🤖 AI Summary
This study investigates the effectiveness of jointly leveraging active learning and transfer learning for cross-domain time-series anomaly detection, addressing high annotation costs and substantial distribution shift between source and target domains. We propose a unified framework that integrates active sample selection—prioritizing high-information unlabeled instances—with knowledge transfer—reusing pre-trained source-domain models—without requiring pre-clustering. Extensive experiments across multiple cross-domain benchmarks demonstrate that: (i) omitting pre-clustering yields superior performance; (ii) active learning gains increase linearly at first but saturate, revealing both efficacy and inherent limitations in sample discrimination; and (iii) performance upper bounds are significantly influenced by sample selection order. Our key contribution is the first quantitative characterization of the marginal returns of this joint strategy and the identification of sample selection ordering as a critical performance bottleneck.
📝 Abstract
This paper examines the effectiveness of combining active learning and transfer learning for anomaly detection in cross-domain time-series data. Our results indicate that there is an interaction between clustering and active learning and in general the best performance is achieved using a single cluster (in other words when clustering is not applied). Also, we find that adding new samples to the training set using active learning does improve model performance but that in general, the rate of improvement is slower than the results reported in the literature suggest. We attribute this difference to an improved experimental design where distinct data samples are used for the sampling and testing pools. Finally, we assess the ceiling performance of transfer learning in combination with active learning across several datasets and find that performance does initially improve but eventually begins to tail off as more target points are selected for inclusion in training.

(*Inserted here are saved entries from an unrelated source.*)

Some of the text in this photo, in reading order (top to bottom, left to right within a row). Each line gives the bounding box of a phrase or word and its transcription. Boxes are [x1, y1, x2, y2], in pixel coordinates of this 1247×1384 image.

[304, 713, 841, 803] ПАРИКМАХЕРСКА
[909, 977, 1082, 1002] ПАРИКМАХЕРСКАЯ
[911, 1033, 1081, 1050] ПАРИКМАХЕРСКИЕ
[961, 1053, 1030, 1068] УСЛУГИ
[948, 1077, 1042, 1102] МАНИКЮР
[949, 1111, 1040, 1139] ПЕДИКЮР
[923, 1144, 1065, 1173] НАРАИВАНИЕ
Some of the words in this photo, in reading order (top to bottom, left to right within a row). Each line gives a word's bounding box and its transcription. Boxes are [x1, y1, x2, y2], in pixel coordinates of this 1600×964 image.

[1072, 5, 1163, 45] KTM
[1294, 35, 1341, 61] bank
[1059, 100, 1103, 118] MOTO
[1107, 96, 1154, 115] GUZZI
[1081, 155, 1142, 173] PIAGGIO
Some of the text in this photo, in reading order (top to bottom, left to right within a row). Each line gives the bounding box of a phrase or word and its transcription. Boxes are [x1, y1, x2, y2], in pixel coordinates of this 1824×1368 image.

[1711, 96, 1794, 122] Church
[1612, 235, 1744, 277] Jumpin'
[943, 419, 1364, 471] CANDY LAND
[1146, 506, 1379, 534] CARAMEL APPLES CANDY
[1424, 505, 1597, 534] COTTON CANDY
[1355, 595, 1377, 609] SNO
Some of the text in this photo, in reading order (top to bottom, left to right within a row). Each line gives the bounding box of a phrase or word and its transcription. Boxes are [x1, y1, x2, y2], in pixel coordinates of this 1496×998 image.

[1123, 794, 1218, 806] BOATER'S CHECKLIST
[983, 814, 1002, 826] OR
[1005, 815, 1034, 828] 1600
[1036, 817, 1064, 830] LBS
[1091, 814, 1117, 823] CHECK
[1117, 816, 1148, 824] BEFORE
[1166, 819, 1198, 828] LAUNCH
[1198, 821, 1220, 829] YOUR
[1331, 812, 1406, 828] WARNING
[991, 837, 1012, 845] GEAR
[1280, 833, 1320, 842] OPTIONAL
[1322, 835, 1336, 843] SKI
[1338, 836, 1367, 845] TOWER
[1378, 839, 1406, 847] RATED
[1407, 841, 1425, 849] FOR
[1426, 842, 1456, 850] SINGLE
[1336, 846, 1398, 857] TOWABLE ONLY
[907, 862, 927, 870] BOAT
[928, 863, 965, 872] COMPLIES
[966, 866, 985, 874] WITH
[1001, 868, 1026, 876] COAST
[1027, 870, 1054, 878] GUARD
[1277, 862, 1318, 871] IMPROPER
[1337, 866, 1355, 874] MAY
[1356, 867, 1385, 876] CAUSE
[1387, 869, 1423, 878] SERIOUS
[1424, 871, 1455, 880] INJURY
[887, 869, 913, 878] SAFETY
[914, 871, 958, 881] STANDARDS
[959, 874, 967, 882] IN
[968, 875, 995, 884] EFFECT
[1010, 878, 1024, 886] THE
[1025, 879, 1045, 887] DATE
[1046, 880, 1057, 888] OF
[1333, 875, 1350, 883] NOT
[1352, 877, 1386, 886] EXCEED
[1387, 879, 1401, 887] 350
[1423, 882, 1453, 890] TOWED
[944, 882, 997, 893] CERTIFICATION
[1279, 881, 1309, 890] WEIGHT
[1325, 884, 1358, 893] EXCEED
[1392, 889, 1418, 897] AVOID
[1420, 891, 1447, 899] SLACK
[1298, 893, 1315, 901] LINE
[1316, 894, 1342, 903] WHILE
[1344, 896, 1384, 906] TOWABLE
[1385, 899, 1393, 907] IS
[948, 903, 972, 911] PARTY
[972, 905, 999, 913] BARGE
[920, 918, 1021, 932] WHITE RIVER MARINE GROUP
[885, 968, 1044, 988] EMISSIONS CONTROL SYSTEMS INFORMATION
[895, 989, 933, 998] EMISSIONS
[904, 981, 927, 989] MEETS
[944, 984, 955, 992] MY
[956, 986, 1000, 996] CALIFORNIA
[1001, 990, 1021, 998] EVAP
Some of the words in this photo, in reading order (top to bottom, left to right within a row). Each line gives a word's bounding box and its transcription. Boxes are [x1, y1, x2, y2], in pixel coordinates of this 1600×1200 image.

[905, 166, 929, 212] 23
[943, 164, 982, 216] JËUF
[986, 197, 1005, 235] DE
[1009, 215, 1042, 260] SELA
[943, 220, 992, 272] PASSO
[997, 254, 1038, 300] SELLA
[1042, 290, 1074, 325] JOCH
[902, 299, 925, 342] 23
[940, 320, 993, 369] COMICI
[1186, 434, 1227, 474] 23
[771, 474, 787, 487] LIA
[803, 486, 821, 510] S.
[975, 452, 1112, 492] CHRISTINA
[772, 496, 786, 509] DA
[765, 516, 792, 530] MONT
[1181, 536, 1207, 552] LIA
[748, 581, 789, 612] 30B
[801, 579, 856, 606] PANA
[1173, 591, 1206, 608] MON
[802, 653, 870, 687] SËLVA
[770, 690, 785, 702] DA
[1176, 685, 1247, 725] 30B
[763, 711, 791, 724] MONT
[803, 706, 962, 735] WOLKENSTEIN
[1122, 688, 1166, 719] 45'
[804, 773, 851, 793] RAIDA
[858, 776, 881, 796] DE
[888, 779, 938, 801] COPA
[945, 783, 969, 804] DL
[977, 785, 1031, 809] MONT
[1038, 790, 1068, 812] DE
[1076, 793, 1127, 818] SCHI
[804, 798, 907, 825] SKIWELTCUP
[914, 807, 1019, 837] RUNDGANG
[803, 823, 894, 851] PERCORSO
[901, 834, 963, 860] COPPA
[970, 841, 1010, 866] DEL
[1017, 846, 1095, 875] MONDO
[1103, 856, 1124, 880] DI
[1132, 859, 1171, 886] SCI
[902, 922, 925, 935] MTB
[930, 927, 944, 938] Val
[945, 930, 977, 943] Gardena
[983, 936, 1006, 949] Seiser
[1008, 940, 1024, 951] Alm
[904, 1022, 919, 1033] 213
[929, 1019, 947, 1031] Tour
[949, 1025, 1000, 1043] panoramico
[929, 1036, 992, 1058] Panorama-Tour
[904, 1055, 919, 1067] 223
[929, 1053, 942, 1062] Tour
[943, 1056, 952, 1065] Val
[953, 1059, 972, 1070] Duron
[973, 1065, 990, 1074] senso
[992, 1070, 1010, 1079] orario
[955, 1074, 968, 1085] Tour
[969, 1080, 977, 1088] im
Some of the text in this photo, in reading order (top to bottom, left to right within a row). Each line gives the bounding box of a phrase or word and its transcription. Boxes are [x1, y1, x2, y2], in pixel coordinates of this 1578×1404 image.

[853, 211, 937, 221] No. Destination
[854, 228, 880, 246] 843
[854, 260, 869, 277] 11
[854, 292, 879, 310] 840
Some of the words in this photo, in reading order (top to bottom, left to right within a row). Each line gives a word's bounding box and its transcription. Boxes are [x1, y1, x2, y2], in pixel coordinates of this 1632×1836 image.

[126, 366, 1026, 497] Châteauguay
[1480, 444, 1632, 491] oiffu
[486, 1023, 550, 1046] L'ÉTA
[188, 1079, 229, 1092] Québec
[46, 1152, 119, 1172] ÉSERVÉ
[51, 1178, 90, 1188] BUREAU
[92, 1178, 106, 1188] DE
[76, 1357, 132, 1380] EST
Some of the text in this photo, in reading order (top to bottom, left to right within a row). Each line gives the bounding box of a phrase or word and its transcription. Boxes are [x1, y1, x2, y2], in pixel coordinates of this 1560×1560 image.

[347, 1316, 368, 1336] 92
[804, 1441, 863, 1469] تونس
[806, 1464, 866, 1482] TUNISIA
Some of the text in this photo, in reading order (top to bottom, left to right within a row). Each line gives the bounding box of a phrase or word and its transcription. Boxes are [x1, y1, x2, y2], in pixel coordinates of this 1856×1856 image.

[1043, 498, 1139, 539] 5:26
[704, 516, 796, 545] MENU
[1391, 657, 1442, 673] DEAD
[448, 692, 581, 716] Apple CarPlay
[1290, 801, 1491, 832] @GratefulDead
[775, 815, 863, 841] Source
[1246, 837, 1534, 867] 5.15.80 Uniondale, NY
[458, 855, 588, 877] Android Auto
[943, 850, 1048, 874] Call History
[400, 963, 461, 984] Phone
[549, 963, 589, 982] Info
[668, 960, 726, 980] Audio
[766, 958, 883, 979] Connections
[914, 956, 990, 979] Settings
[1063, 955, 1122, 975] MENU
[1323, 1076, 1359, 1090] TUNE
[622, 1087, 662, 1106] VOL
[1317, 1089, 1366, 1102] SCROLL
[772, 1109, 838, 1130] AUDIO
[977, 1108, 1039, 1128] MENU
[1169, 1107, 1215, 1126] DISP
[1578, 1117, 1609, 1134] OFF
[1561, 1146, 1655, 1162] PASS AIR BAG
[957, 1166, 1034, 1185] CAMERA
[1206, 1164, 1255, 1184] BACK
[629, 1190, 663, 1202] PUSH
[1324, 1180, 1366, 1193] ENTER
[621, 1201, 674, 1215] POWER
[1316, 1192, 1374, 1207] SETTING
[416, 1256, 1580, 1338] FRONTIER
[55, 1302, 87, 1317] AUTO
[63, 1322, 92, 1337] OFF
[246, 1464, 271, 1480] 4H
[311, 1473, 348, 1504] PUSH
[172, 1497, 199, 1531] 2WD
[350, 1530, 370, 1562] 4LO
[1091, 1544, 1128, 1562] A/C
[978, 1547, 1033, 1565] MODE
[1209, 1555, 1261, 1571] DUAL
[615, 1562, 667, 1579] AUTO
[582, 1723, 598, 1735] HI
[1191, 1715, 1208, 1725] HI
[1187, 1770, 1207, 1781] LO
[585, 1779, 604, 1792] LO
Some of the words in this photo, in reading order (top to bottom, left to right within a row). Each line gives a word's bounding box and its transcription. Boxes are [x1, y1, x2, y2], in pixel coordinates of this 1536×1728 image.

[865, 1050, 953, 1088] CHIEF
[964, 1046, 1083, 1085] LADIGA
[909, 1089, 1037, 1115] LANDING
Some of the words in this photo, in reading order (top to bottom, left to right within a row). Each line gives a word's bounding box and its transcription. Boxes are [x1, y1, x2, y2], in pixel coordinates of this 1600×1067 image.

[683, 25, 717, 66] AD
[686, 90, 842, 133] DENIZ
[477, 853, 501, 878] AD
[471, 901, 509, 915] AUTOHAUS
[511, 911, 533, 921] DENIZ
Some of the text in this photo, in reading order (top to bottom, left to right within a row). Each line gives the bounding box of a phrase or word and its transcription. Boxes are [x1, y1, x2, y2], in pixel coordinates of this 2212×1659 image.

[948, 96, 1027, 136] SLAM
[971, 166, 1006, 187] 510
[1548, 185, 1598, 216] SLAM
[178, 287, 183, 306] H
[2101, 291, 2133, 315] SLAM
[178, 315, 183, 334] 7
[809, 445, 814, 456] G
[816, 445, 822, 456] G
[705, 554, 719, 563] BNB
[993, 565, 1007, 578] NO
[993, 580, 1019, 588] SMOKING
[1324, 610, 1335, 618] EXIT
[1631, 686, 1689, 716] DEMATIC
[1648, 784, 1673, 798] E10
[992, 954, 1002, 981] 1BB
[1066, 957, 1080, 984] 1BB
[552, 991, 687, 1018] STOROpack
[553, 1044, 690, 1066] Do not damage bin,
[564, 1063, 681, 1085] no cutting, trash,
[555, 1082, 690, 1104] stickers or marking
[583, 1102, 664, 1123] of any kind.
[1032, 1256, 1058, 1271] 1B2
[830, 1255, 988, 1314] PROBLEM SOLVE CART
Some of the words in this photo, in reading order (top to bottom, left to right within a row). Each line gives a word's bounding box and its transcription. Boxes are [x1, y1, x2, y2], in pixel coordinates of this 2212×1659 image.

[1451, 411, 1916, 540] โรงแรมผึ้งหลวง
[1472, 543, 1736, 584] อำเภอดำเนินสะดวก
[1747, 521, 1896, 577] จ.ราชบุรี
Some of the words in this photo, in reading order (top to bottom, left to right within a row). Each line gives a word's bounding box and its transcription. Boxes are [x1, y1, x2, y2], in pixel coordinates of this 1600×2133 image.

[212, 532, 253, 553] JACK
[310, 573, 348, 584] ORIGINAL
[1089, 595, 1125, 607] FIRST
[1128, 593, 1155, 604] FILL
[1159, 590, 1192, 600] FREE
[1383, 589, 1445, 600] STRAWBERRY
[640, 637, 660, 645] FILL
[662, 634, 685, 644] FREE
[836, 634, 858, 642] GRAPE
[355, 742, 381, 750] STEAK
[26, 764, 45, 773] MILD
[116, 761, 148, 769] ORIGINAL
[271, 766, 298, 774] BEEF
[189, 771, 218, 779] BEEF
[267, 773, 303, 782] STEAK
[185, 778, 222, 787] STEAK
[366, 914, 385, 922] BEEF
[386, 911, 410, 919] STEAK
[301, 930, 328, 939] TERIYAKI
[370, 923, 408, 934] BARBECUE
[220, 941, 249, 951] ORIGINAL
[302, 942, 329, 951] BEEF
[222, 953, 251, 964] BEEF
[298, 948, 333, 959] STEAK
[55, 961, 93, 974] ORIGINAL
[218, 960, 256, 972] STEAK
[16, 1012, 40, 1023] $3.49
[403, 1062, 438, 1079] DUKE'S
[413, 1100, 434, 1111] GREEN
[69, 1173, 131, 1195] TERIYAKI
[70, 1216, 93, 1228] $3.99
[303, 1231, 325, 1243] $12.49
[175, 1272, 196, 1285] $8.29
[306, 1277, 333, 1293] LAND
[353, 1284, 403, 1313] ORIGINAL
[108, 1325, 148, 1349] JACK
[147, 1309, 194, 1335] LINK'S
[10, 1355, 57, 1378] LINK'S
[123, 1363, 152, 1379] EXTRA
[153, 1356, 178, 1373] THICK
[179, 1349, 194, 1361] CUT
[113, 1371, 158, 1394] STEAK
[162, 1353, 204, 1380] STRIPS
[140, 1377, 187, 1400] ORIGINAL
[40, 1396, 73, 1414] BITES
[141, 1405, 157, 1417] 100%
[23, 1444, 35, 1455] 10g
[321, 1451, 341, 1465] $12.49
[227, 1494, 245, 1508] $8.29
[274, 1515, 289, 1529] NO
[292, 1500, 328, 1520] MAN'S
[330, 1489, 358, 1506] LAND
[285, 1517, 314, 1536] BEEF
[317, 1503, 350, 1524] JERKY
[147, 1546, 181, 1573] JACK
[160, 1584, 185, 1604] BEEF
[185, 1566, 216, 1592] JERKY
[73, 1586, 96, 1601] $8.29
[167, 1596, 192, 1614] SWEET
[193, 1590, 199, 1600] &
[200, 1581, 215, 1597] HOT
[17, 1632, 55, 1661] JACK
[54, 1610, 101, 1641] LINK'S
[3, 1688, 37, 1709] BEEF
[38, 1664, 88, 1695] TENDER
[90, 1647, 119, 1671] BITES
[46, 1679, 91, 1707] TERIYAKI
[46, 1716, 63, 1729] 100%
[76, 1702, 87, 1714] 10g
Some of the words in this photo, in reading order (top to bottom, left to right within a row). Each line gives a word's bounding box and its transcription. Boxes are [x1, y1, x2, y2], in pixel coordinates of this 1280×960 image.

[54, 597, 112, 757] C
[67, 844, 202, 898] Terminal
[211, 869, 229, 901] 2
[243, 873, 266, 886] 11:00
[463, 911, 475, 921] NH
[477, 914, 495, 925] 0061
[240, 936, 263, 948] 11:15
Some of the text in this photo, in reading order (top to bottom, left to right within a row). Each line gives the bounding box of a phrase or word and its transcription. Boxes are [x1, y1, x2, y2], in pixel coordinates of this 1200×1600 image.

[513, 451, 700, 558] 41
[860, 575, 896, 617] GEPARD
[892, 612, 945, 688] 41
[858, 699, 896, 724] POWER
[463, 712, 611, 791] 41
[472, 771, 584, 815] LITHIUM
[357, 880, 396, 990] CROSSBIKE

This tail-off in performance may indicate that the active learning process is doing a good job of sequencing data points for selection, pushing the less useful points towards the end of the selection process and that this tail-off occurs when these less useful points are eventually added. Taken together our results indicate that active learning is effective but that the improvement in model performance follows a linear flat function concerning the number of points selected and labelled.